|Perl: the Markov chain saw|
New simple searchby tye (Cardinal)
|on Jul 08, 2002 at 17:34 UTC||Need Help??|
As part of the More HTML Escaping roll-out, the simple search (at the top of each page or via the "node" CGI parameter) was switched away from using MySQL's "full text search" feature. This meant that you could once again search for 3-letter and 2-letter words in node titles. This version avoided the "worst case" situations of the servers sorting through way too many matches but would not find any matches unless all of the words entered matched.
I've just rolled some more improvements into the simple search. The current implementation works like this:
If an exact title match is found (after ignoring nodes that you don't have permission to read unless you have changed your user settings), then no further searching is done.
Otherwise your search string is split on whitespace resulting in a list of "words". We look for nodes that contain the greatest number of your "words" in their titles as simple substrings. Titles that match this maximal number of words are listed, newest first. That is, if you specify 5 words and there are no titles that include 4 or more of your words but there is a title that contains 3 of your words, then you will only be shown titles that contain 3 of your words.
If there are more than 500 such matches, then the oldest 500 are listed (newest first). In future it should change to showing the newest 500 matches but that requires a database change to work around a subtle bug in the MySQL optimizer.

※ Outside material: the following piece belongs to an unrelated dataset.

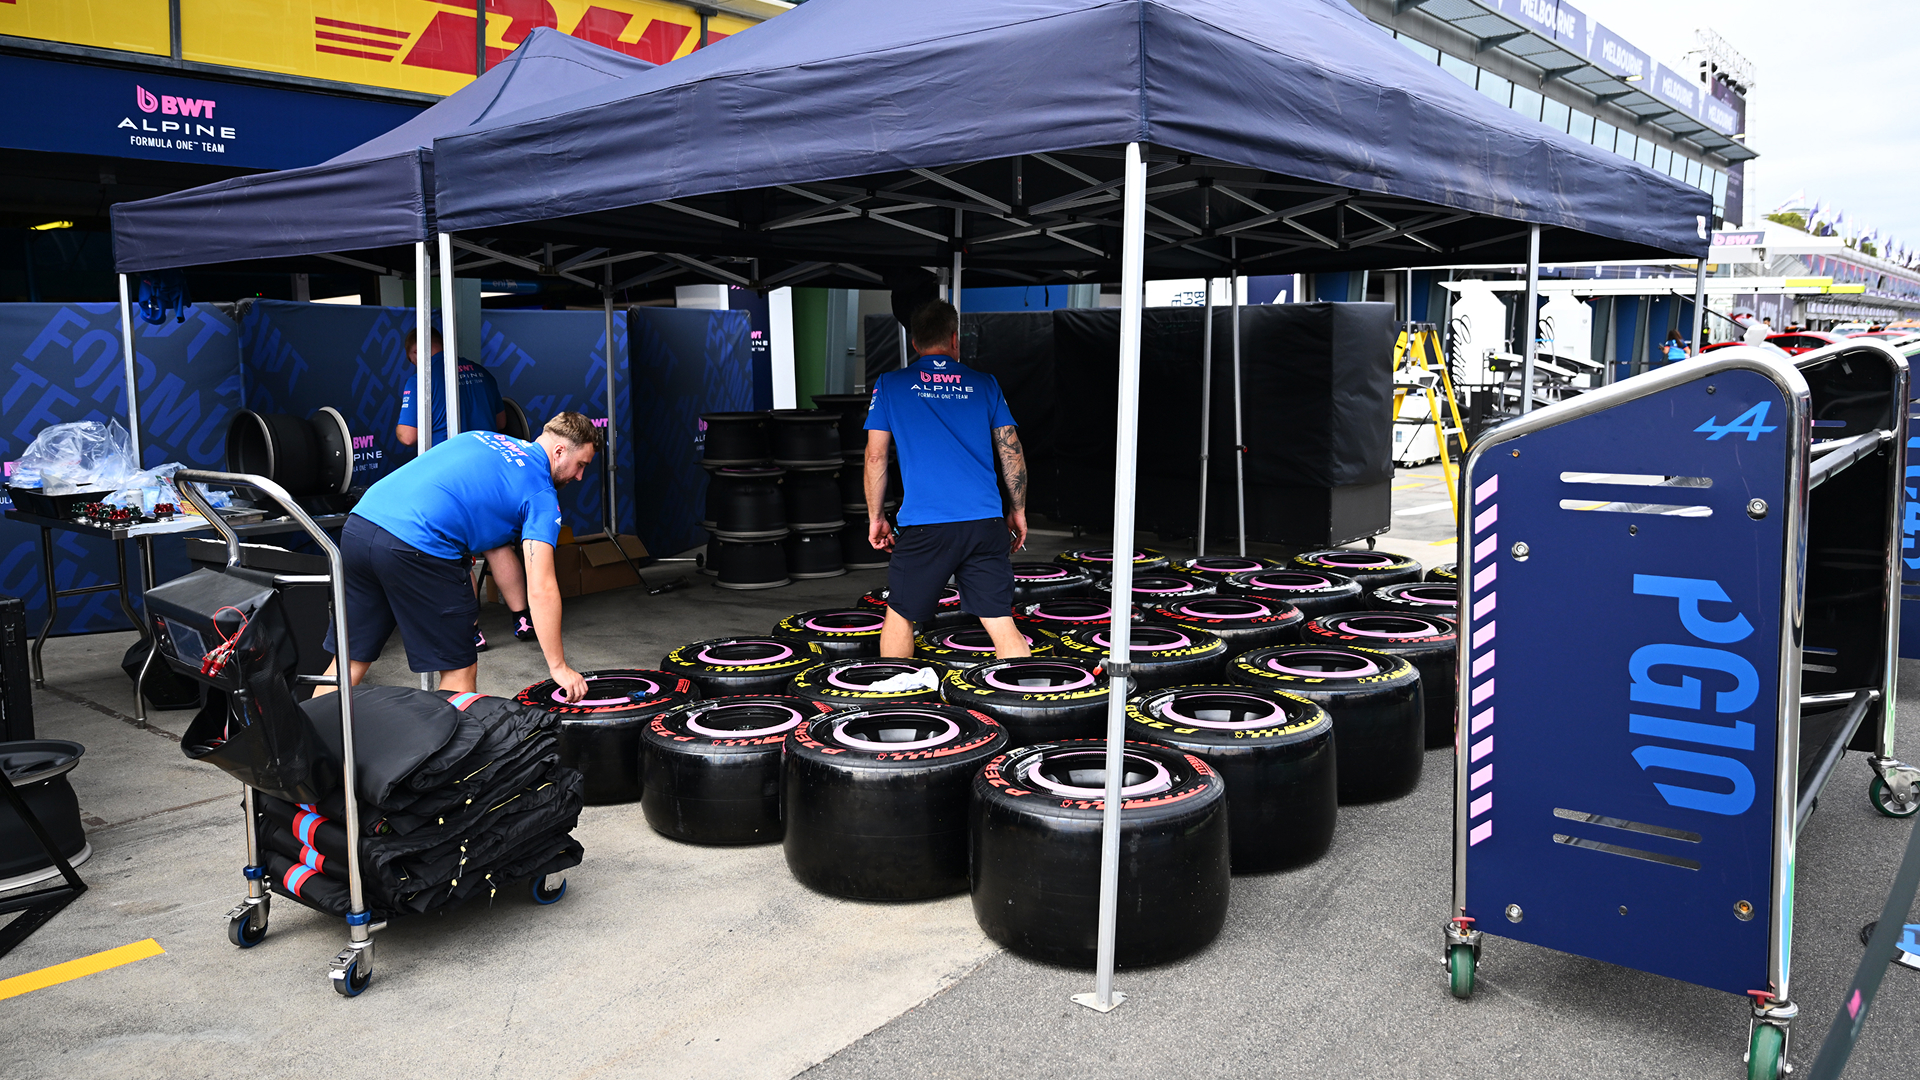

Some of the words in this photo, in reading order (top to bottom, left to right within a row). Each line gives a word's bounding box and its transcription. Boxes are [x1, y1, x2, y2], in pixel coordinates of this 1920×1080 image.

Future changes to the Search results display code will probably reduce clutter by hiding most of the information about replies if a large list of matches was found.
Note that 1-character words must be surrounded by whitespace in the node title for them to match (so / c finds C Client / Perl Server incompatibility and its replies but little else -- note that the ends of titles count as whitespace).
Also, there are no "stop words". A search for perl script takes about the same time as a search for something much more specific.
More flexibility will be available via Super Search when it gets rewritten (hopefully RSN).- tye (but my friends call me "Tye")